> RECORDS SUPPLIED:
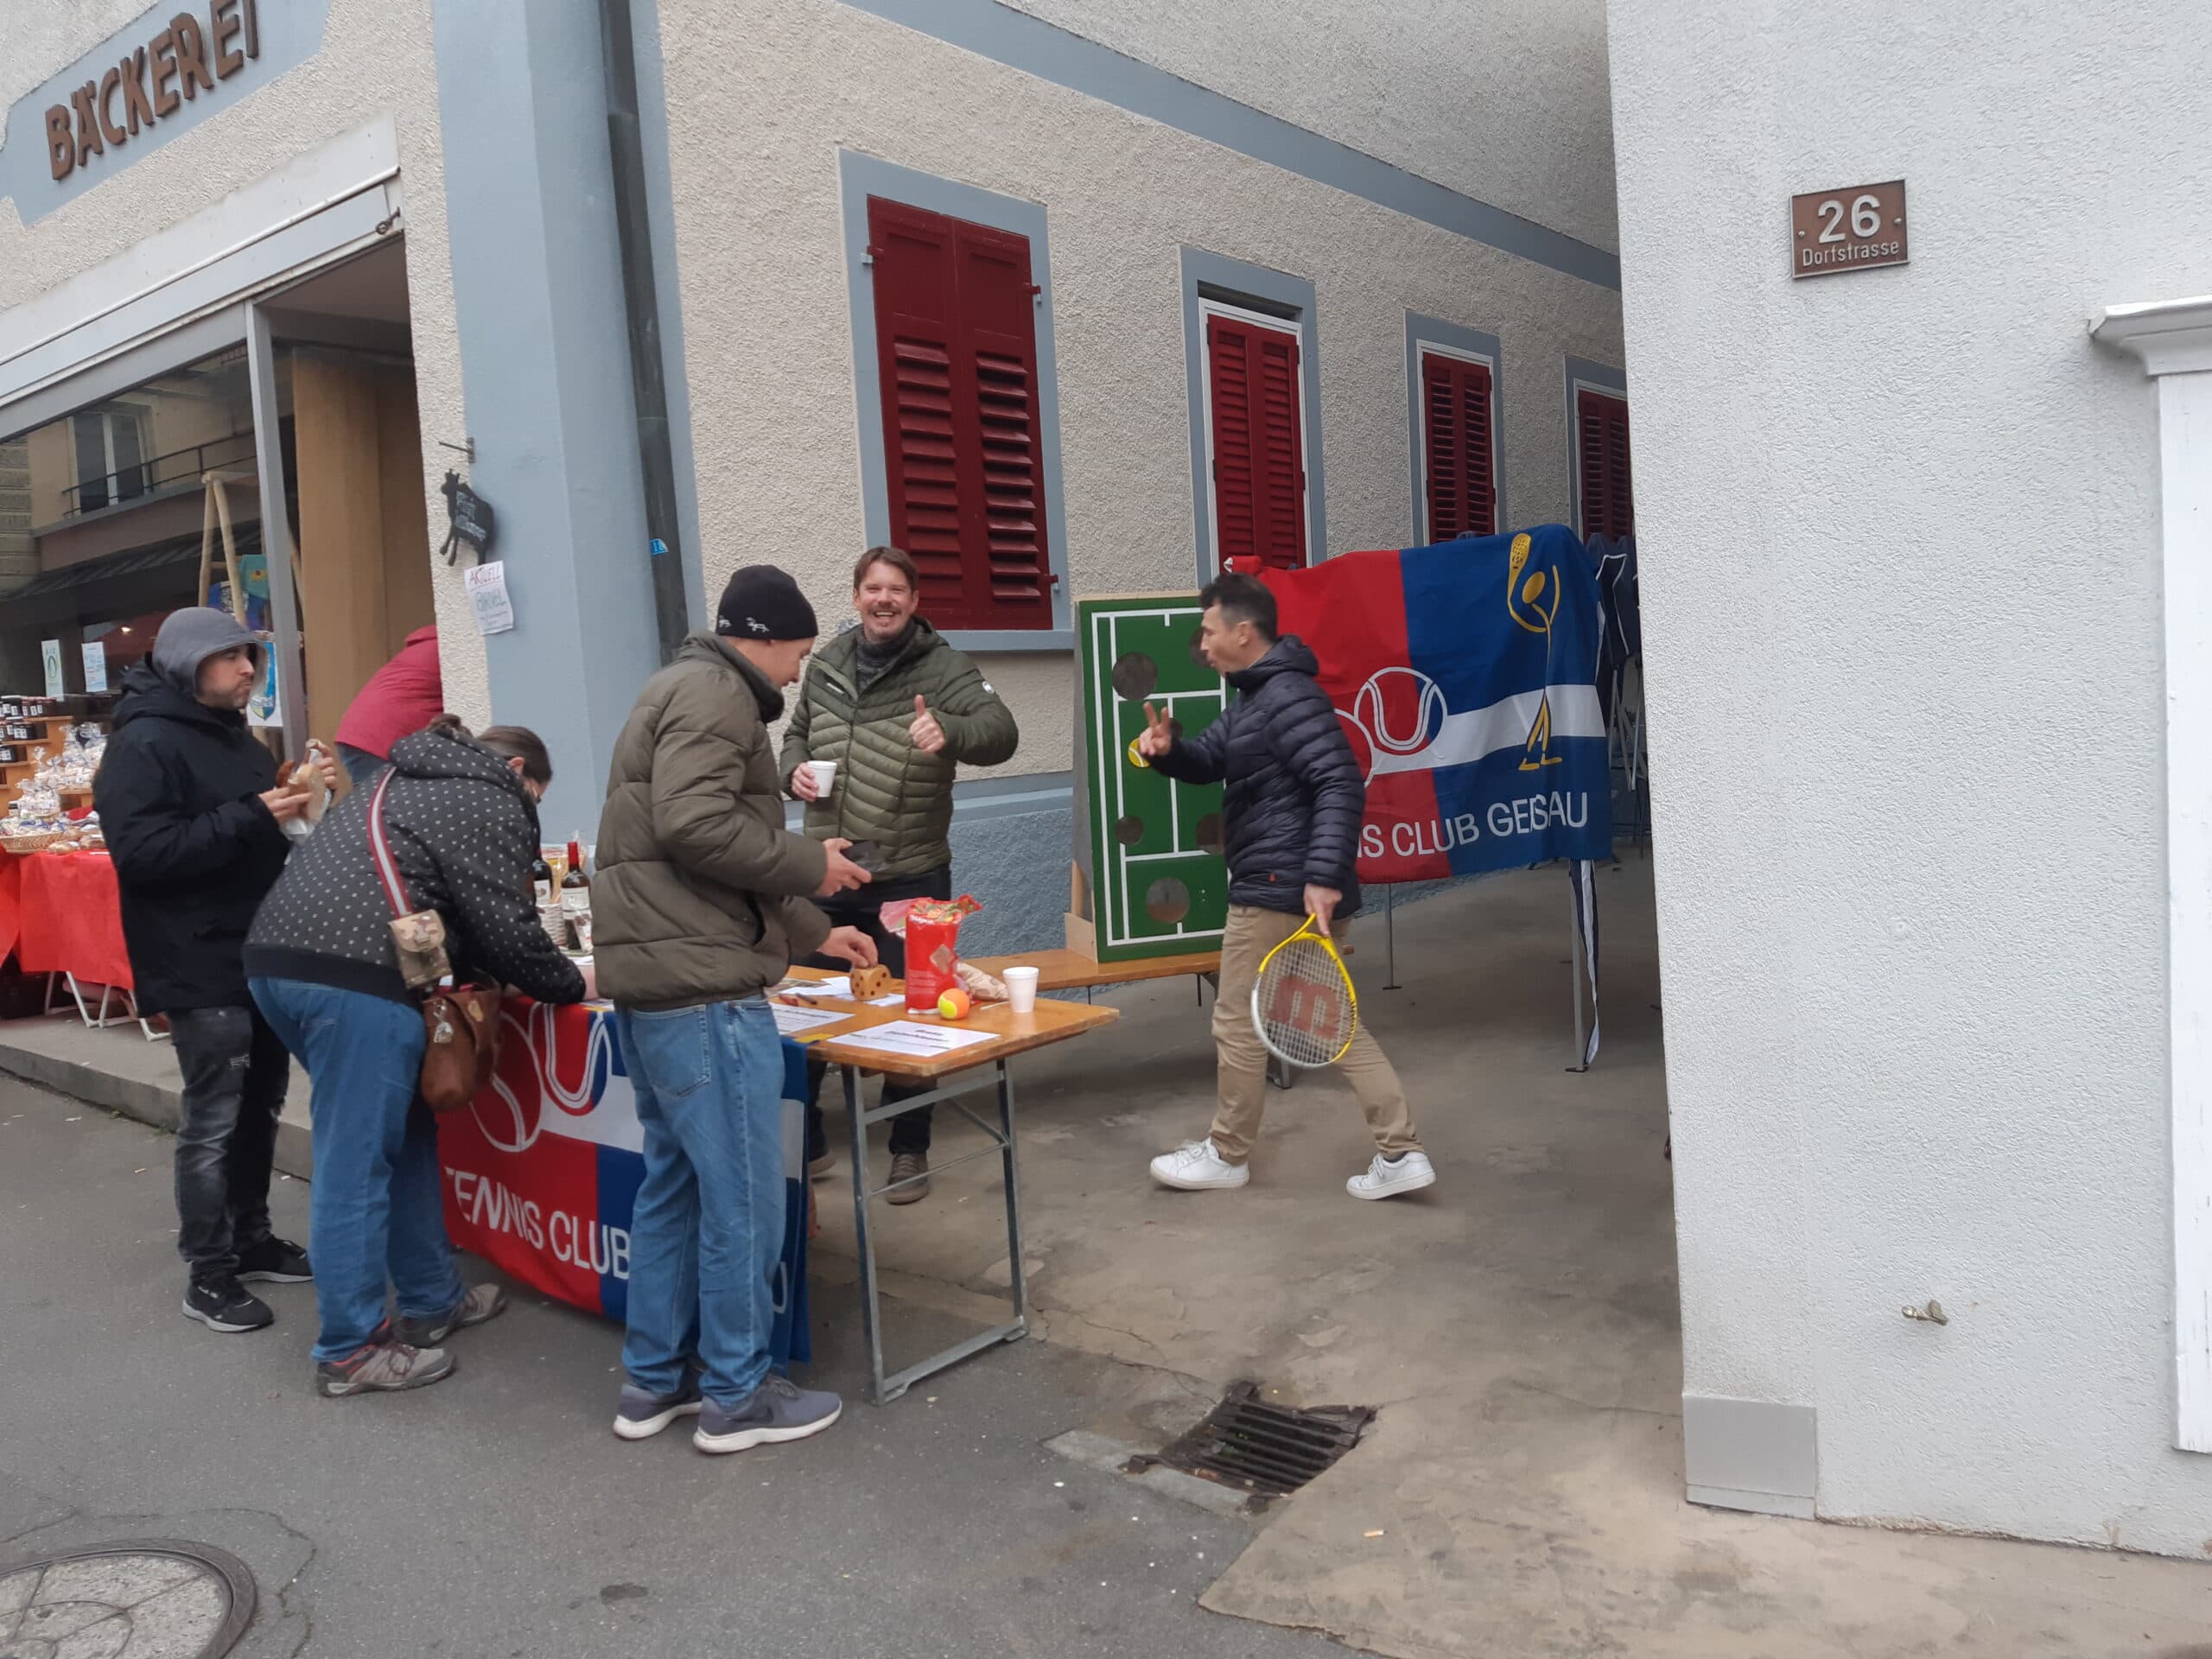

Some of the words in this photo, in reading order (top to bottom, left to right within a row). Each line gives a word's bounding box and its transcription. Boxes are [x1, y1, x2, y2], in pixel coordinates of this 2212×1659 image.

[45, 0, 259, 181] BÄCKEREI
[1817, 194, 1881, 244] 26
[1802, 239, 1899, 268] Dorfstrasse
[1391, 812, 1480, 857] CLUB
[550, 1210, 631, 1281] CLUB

> ASSIGNED TASK:
Could you set down the records above word for word, without any of the pictures?

> EXERCISE ANSWER:
Some of the words in this photo, in reading order (top to bottom, left to right within a row). Each line gives a word's bounding box and its transcription. Boxes are [x1, y1, x2, y2], in pixel coordinates of this 2212×1659 image.

[45, 0, 259, 181] BÄCKEREI
[1817, 194, 1881, 244] 26
[1802, 239, 1899, 268] Dorfstrasse
[1391, 812, 1480, 857] CLUB
[550, 1210, 631, 1281] CLUB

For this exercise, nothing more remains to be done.